__Input records__:
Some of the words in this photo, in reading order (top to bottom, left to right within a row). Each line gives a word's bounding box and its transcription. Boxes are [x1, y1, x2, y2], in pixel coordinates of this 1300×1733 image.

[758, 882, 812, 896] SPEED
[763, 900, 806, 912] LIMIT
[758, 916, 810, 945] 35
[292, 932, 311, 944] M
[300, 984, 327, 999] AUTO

__Problem requirements__:
Retype the records above in full, with no differences.

__Answer box__:
Some of the words in this photo, in reading order (top to bottom, left to right within a row). Each line gives a word's bounding box and its transcription. Boxes are [x1, y1, x2, y2], in pixel coordinates of this 1300×1733 image.

[758, 882, 812, 896] SPEED
[763, 900, 806, 912] LIMIT
[758, 916, 810, 945] 35
[292, 932, 311, 944] M
[300, 984, 327, 999] AUTO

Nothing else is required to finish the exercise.